§ TO DO
Leaving all pictures aside, write out the records below precisely as given.
++++
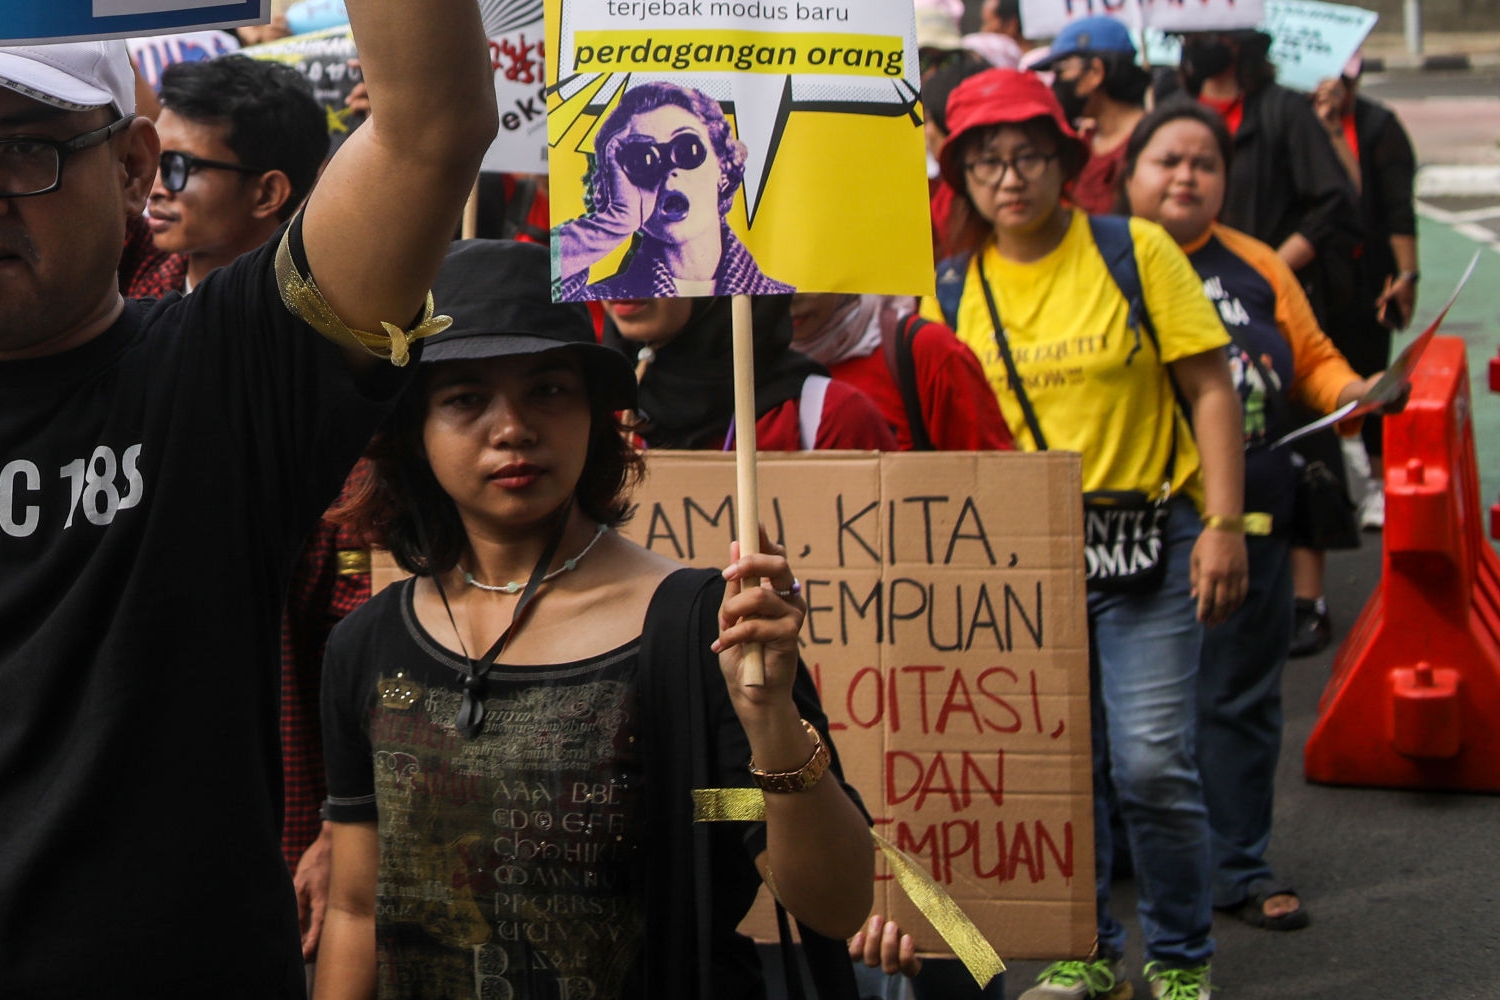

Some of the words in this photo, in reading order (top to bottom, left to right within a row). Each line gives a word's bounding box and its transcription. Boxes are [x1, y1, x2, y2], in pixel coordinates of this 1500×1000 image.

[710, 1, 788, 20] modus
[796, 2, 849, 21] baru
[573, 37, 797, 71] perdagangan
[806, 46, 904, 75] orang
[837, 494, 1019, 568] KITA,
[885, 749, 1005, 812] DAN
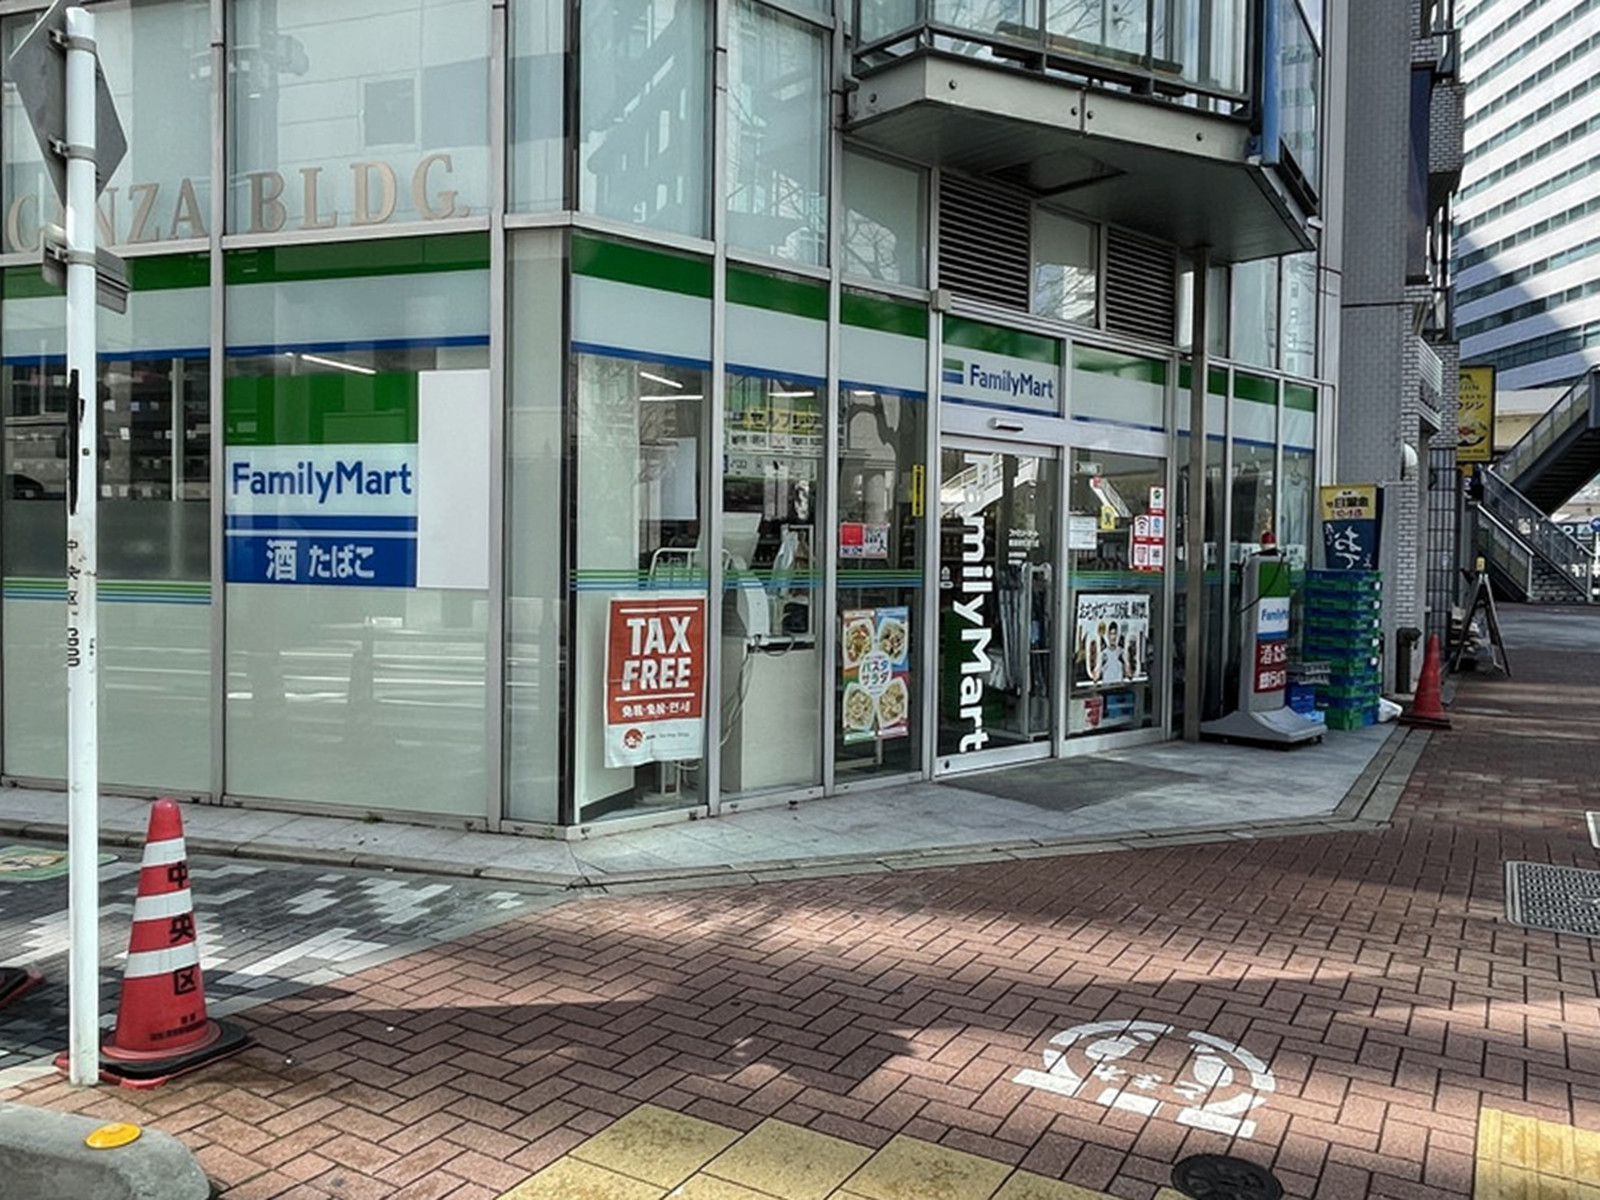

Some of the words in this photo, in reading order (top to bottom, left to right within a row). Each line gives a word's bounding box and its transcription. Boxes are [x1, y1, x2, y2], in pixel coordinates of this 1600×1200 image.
++++
§ ANSWER BELOW
Some of the words in this photo, in reading order (top to bottom, left to right within a row). Each line gives a word's bounding box and its transcription. Boxes are [x1, y1, x2, y2], in pixel coordinates of this 1500×1000 image.

[710, 1, 788, 20] modus
[796, 2, 849, 21] baru
[573, 37, 797, 71] perdagangan
[806, 46, 904, 75] orang
[837, 494, 1019, 568] KITA,
[885, 749, 1005, 812] DAN

Some of the words in this photo, in reading order (top to bottom, left to right within a row). Each line gives a word's bounding box and its transcription. Boxes are [x1, y1, x2, y2], in pixel coordinates of this 1600×1200 image.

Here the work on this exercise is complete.